出典:中小企業のデジタル化に向けてより抜粋
また、ITリテラシー(ITに関する要素を適切に理解し活用する能力)が低いとされている企業では、クラウドサービスやWebプラットフォーム等を活用しきれていないのが現状です。
出典:中小企業のデジタル化に向けてより抜粋
中小企業によっては、クラウドサービスやソフトウェアが理解しにくく扱いづらかったり、デメリットの方が大きいため十分に活用できていなかったりといった側面を抱えています。しかし、これらのデジタルツールをうまく使えば、従来よりも負担を抑えて業務の効率化を図れる可能性があります。

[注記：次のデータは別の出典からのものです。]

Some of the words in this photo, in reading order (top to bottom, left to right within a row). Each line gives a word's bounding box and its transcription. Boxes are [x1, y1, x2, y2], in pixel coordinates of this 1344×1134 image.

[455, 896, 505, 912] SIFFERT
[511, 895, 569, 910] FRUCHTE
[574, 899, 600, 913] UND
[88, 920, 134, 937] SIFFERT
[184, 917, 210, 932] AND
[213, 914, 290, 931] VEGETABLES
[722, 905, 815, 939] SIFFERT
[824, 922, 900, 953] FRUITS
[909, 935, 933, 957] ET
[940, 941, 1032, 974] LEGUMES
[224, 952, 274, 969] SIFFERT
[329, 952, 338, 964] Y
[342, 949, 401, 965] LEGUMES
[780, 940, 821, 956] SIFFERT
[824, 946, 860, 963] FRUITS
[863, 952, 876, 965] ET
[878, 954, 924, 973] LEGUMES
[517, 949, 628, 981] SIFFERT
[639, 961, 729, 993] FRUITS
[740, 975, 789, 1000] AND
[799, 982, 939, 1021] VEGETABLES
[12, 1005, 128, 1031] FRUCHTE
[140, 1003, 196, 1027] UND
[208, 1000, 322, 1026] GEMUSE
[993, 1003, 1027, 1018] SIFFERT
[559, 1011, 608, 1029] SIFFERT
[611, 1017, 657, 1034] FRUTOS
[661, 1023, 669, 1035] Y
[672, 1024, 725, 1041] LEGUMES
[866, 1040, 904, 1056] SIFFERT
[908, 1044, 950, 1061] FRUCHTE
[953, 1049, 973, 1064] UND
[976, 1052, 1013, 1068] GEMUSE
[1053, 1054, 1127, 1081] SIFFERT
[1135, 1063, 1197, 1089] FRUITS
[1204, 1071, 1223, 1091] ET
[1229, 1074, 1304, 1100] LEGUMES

また、新型コロナウイルス感染症の影響により、多くの企業がリモートワークの導入を余儀なくされました。もしクラウドサービスやソフトウェアが普及していたら、リモートワークへの対応はよりスムーズに行われていたでしょう。デジタルツール導入が遅れている中小企業を支援し、デジタル化や企業活動の促進を支援する取り組みは、ますます重要になってきているといえます。
中小企業デジタルツール導入促進支援事業とは
都内中小企業者が新たにデジタルツール(※)を導入する際に、必要な費用の一部を助成します。企業の継続的な成長や発展をサポートするため、事業活動のデジタル化を推進させます。

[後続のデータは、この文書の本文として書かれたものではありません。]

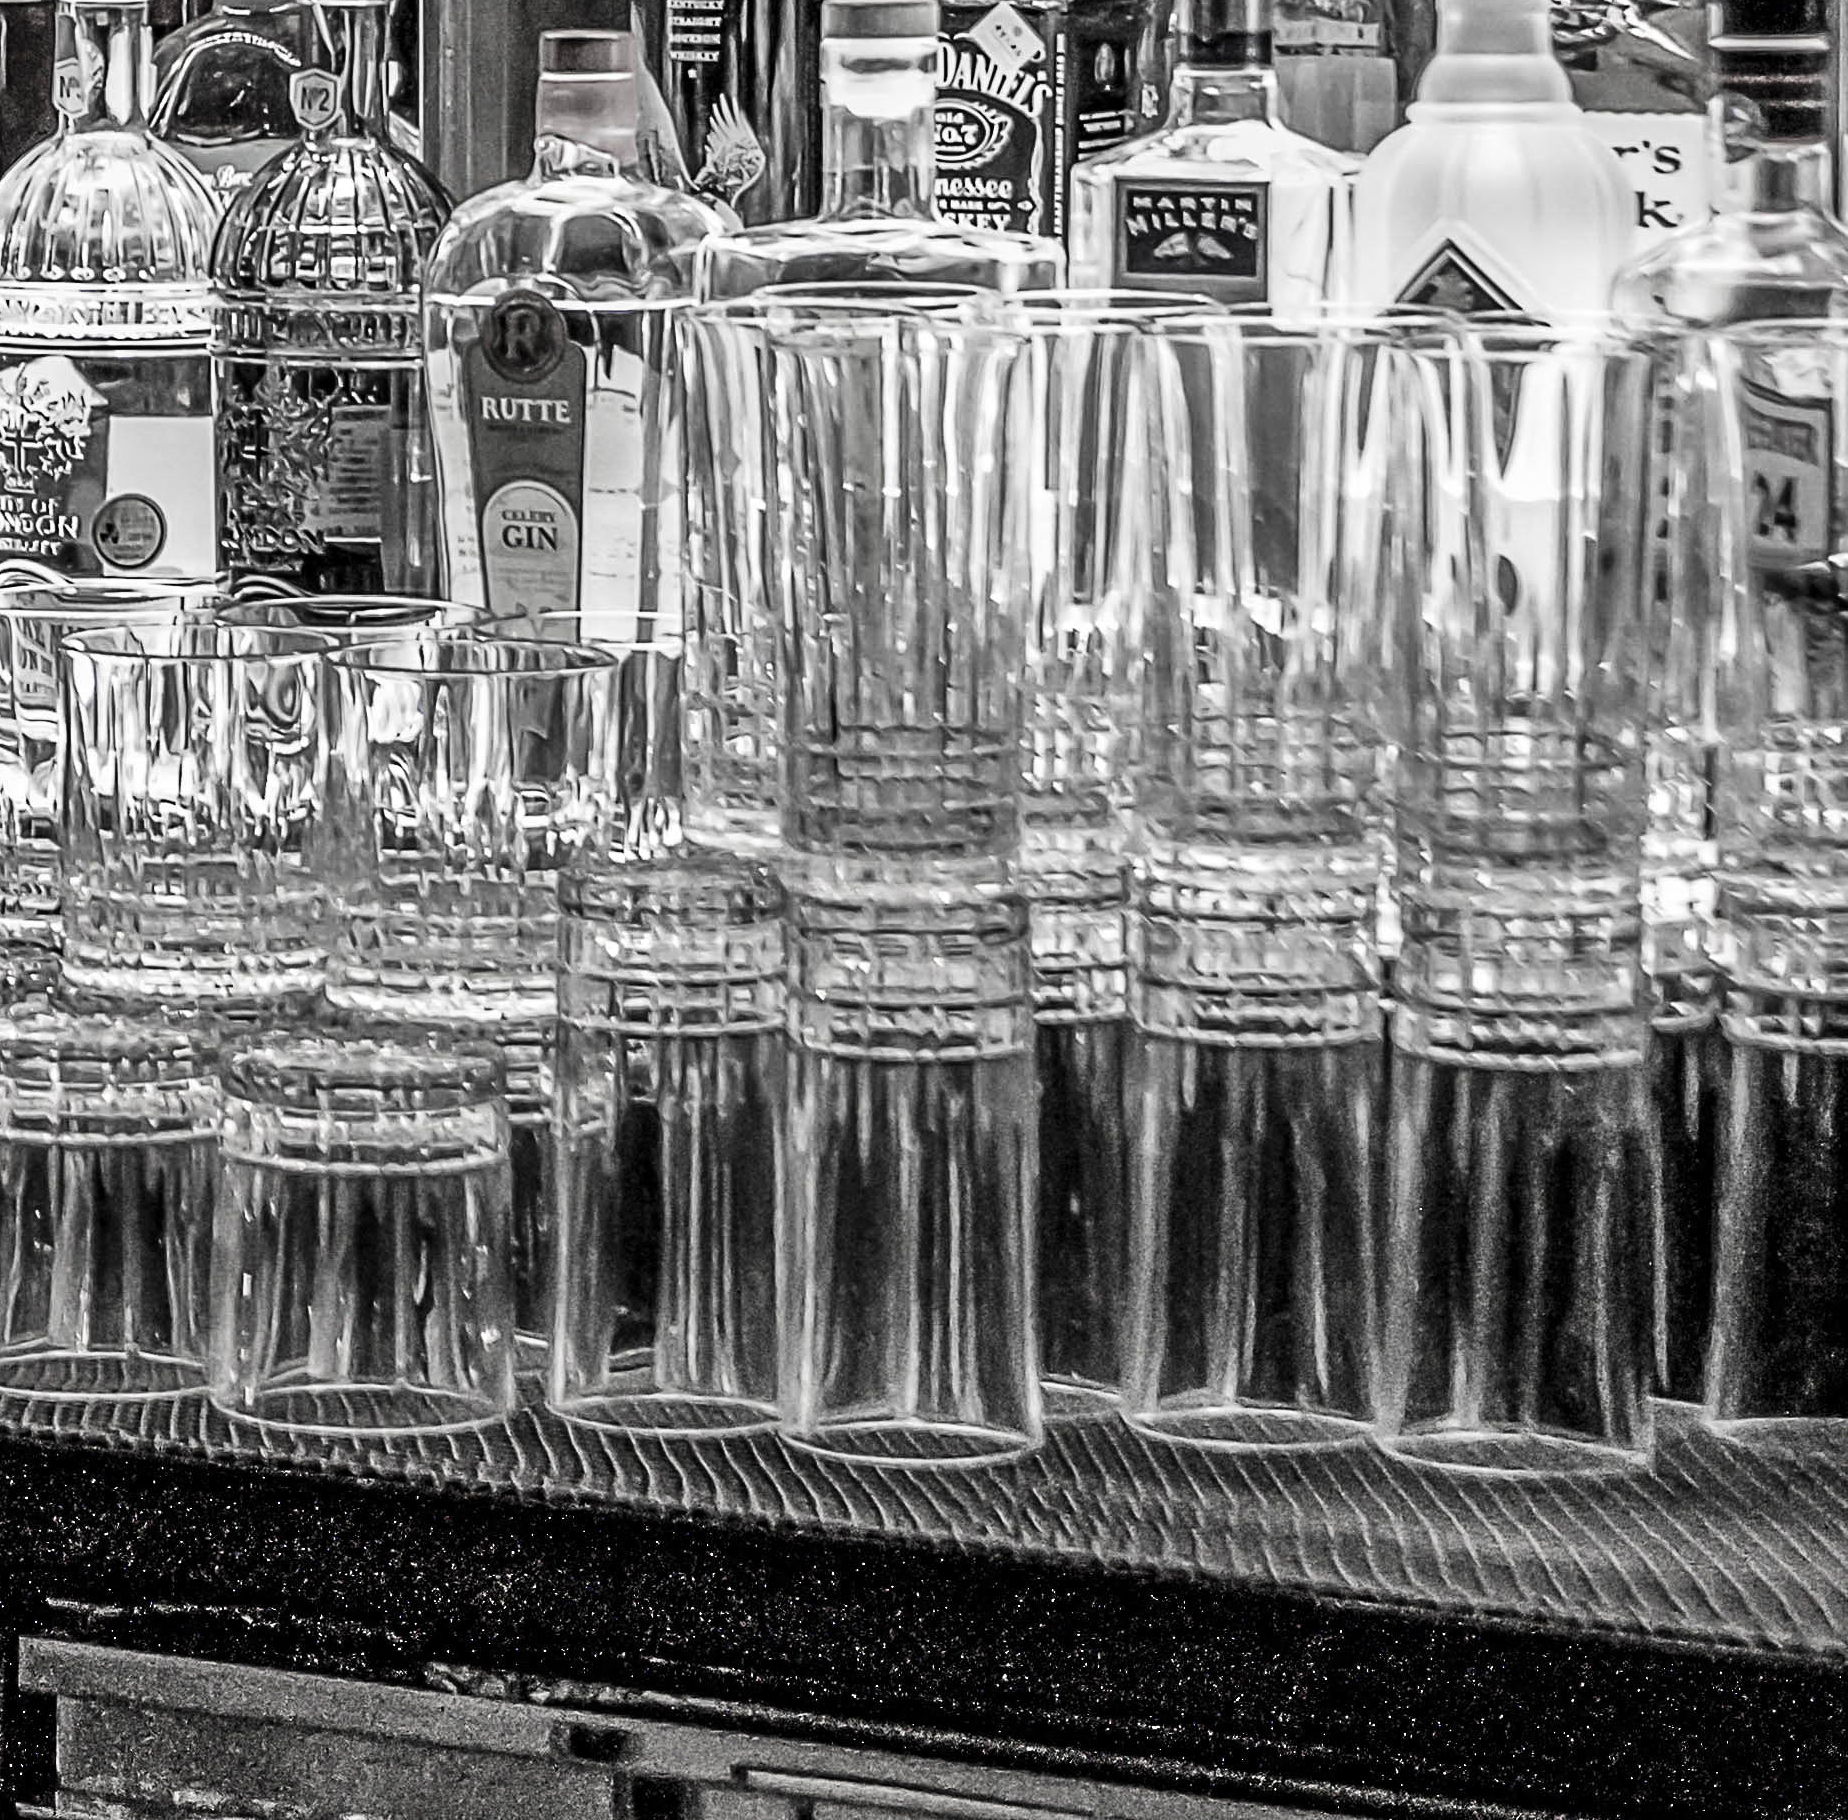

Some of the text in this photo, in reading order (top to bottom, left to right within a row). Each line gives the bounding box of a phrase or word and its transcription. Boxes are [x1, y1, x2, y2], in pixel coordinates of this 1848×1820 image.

[1132, 196, 1253, 213] MARTIN
[480, 396, 572, 424] RUTTE
[501, 526, 558, 551] GIN

(※)本事業におけるデジタルツールとは、一般市場で販売している(事務局が製造元もしくは正規販売代理店のホームページ等で価格・仕様・サービス内容等が確認可能である)「パッケージ製品のソフトウェア」並びに「クラウドサービス」を指します。なお、スクラッチ開発のシステム構築(ゼロベースからの新規システム開発)や、ハード機器(PC、タブレット、読取機器等)は除外します。
助成対象事業
以下(1)~(3)の全てを満たすものが対象です。
(1)自社の事業活動におけるデジタル化を促進する目的で、市販(パッケージ製品)のソフトウェアもしくはクラウドサービスを新たに取り入れる。
(2)自社業務の継続的な成長や発展を、将来にわたって取り組むものである。
(3)(1)の導入に要する合計費用(※)が10万円以上(小規模企業者は7万5千円以上)である。

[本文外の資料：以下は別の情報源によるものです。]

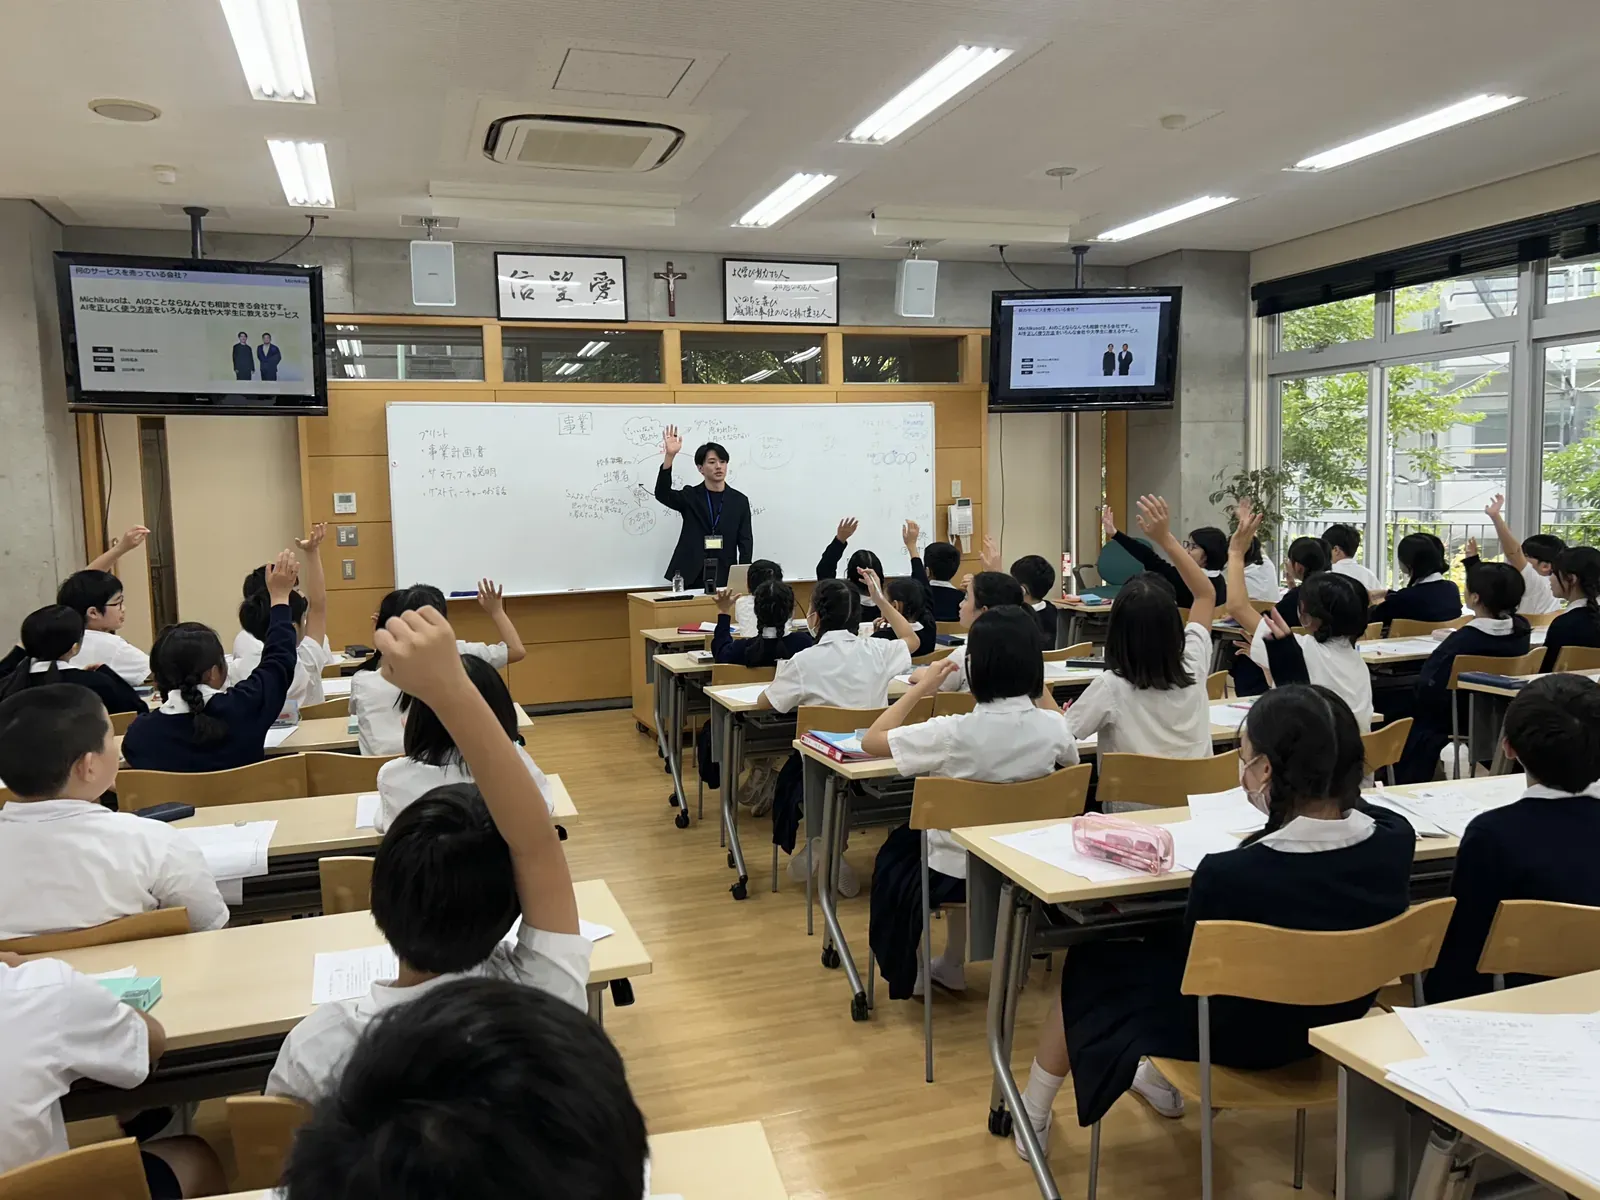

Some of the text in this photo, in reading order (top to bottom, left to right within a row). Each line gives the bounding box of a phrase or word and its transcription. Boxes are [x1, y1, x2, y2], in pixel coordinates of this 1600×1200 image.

[564, 414, 587, 433] 事業
[418, 428, 449, 440] プリント

(※)ソフトウェアもしくはクラウドサービスを複数組み合わせて取り入れる場合は、その合計額とします。また、年払いや月払いにおいては、助成対象期間内(最長1年間)に支払いが完了するサービス料金の合計額です。
◆助成対象事業のイメージ例
・財務会計、人事労務、給与計算、税務管理等のソフトウェアもしくはクラウドサービスを複数組み合わせ、新たに取り入れることでバックオフィス業務の工数を減らす。
・RPAツールを新たに取り入れ、バックオフィスに要する単純作業を自動化し工数を減らす。
・グループウェアやコミュニケーションツールを新たに取り入れることにより、社内コミュニケーションの活性化やナレッジ共有を推進する。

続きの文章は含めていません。